Racial and Ethnic Disparities in Diabetes Care?

Steven Fox

October 20, 2011

October 20, 2011 — In contrast to findings from 2 recent trials suggesting improvement in quality of care for minority patients with diabetes, results from a study examining a nationally representative sample of people with diabetes indicate that racial and ethnic minority patients continue to receive lower-quality care than their white counterparts.

The study was conducted by Patrick Richard, PhD, from the Department of Health Policy, George Washington University School of Public Health and Health Services, Washington, DC, and colleagues and appears in the November issue of Preventing Chronic Disease.

The authors note that most previous studies have found that racial/ethnic minority patients with diabetes get lower-quality care than white patients, but a couple more recent studies have concluded that this disparity has narrowed.

"These inconsistencies suggest that additional investigation is needed to provide new information about the relationship between racial/ethnic minority patients and the quality of diabetes care," the authors write.

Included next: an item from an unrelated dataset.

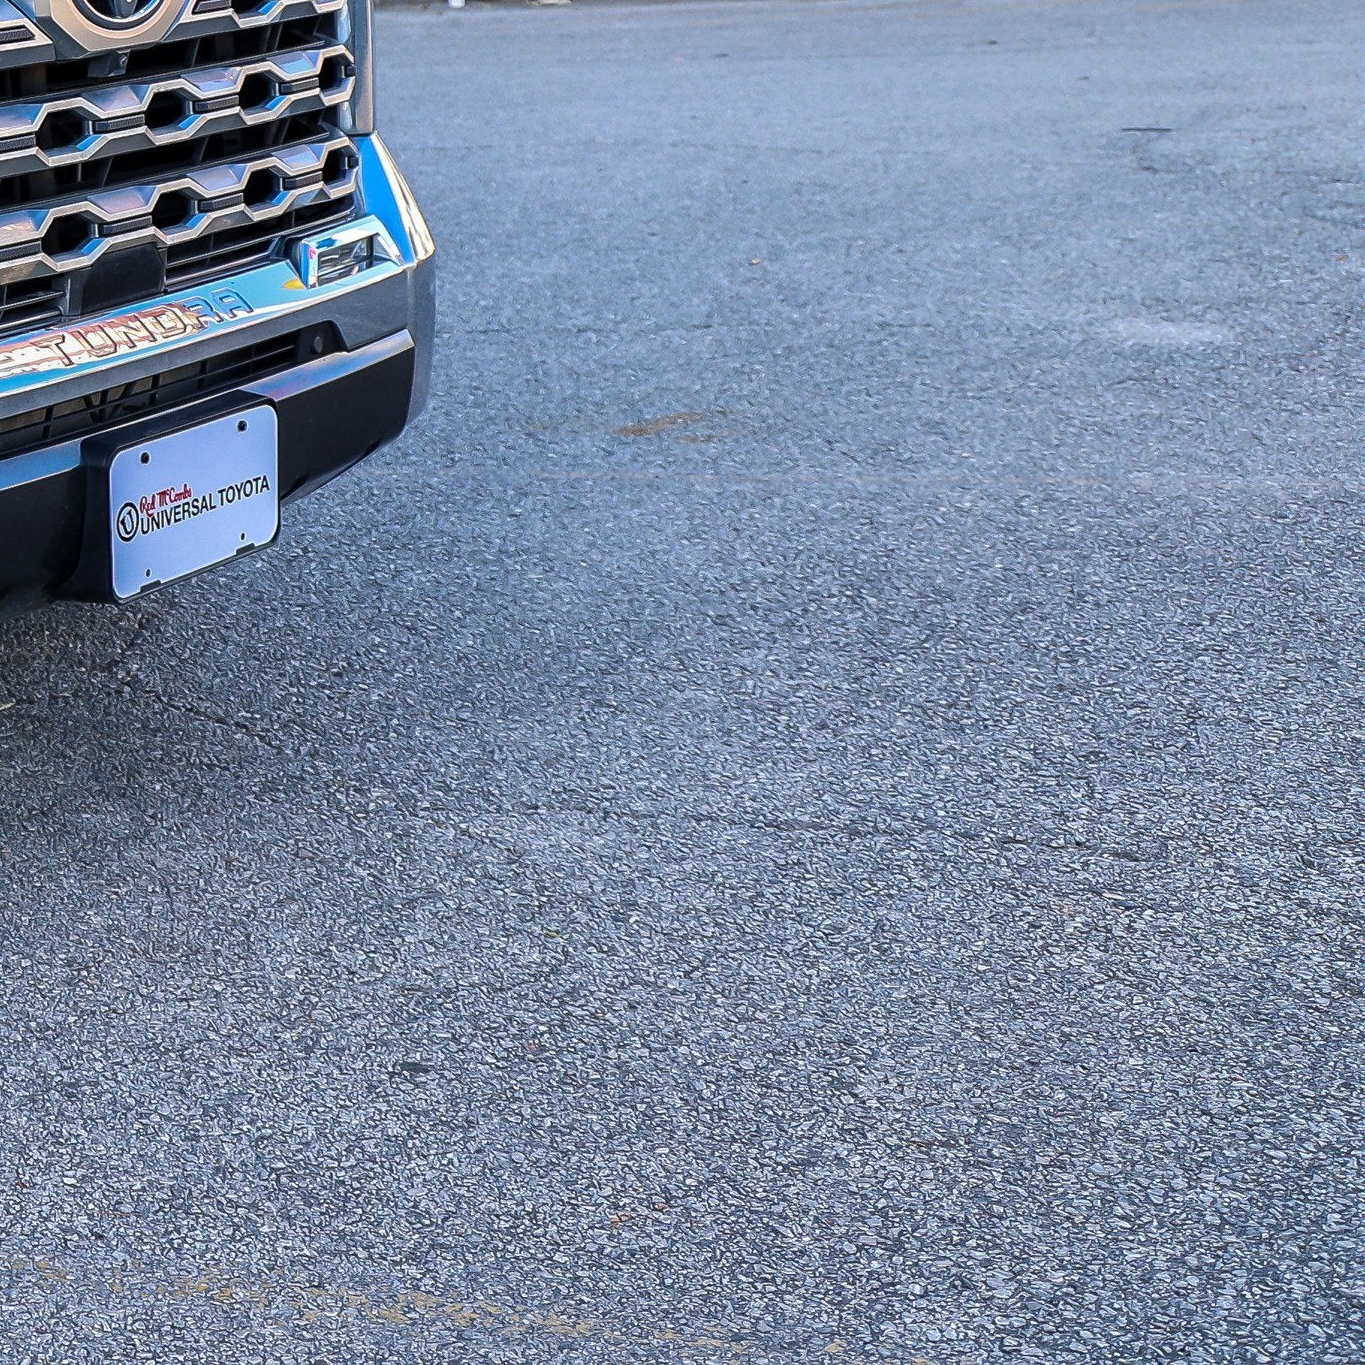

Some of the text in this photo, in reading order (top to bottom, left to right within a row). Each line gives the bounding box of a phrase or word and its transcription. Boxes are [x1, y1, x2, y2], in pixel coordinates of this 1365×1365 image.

[31, 287, 255, 367] TUNDRA
[139, 493, 157, 517] Red
[140, 475, 271, 535] UNIVERSAL TOYOTA

To advance that knowledge, investigators analyzed 3 years of data, from 2005 to 2007, on 2452 patients who reported they had been diagnosed with diabetes by a health professional. All patients were at least 18 years of age.

The data came from the Medical Expenditure Panel Survey, a nationally representative database of health services use, health insurance coverage, medical costs, and sources of payment for the noninstitutionalized US civilian population.

"We assessed racial/ethnic disparities in the quality of diabetes care on the basis of receipt of recommended HbA1c tests and foot and eye examinations in the previous year," the authors write.

They used multivariate statistical models to adjust for a wide variety of sociodemographic factors: age, sex, socioeconomic status, health behaviors (eg, whether people in the cohort were smokers), health status (eg, whether people in the cohort were obese), insurance status, comorbid cardiovascular conditions, and regional location.

The investigators report that more than 68% of patients were at least 55 years old, about a third resided in families with incomes more than 400% above the federally defined poverty level, and nearly a third were getting benefits from public insurance programs such as Medicare or Medicaid. More than three quarters of the participants had other cardiovascular conditions besides diabetes.

Overall, about 83% of the patients said they had received at least 2 HbA1c tests during the previous year. About 70% had received foot exams, and 61% had undergone eye examinations.

However, when racial/ethnics factors were taken into account, the researchers noted significant differences.

Asians were less likely than whites to have received at least 2 HbA1c tests (P = .007) or a foot exam (P = .002).

Patients who were Hispanic were less likely than whites to have had their eyes examined (P = .005).

Of note, black patients were more likely than white patients to have received a foot exam (P = .009), but they were less likely than whites to have had an eye exam (P = .03).

The authors point out that recent guidelines have stressed that black patients tend to have more complications and amputations from diabetes than whites do, and have highlighted the need to carefully monitor those patients.

In any case, the authors conclude, "[t]he differences in the quality of diabetes care remained significant even after controlling for socioeconomic status..., health insurance status, self-rated health status, comorbid conditions, and lifestyle behavior variables."

Why the differences in findings between this study and more recent studies? The authors cited several possible factors. For one, the investigators in the present study say they restricted their sample to unique individuals to compute appropriate standard errors in pooled estimations. They also used more recent data sets and employed several analytical methods recommended by the Medical Expenditure Panel Survey.

The authors also point out that the recent studies that came to different conclusions limited their patient cohort to Medicare beneficiaries enrolled in managed care programs, and that those studies did not stratify by other racial/ethnic minority groups such as Hispanics and Asians.

For that reason, the authors say, the previous findings may not be applicable to other health systems or to other racial/ethnic groups that may experience greater racial/ethnic disparities in the quality of diabetes care.

"Conversely," they conclude, "our findings are consistent with those of other studies that used both clinical and community-based data."

Limitations of the current study include its cross-sectional design, precluding conclusions about causality, and use of self-reported data for the dependent variables of diabetes care.